*** Begin section ***

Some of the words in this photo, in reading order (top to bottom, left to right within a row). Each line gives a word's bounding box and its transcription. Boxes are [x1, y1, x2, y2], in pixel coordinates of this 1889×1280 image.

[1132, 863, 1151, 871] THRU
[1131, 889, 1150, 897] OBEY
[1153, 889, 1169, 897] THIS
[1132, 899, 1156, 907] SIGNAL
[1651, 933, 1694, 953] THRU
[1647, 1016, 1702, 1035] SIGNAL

*** End section ***

* [AIM OF THE EXERCISE]
Produce an identical printout of the material above.

* [EXERCISE OUTPUT]
Some of the words in this photo, in reading order (top to bottom, left to right within a row). Each line gives a word's bounding box and its transcription. Boxes are [x1, y1, x2, y2], in pixel coordinates of this 1889×1280 image.

[1132, 863, 1151, 871] THRU
[1131, 889, 1150, 897] OBEY
[1153, 889, 1169, 897] THIS
[1132, 899, 1156, 907] SIGNAL
[1651, 933, 1694, 953] THRU
[1647, 1016, 1702, 1035] SIGNAL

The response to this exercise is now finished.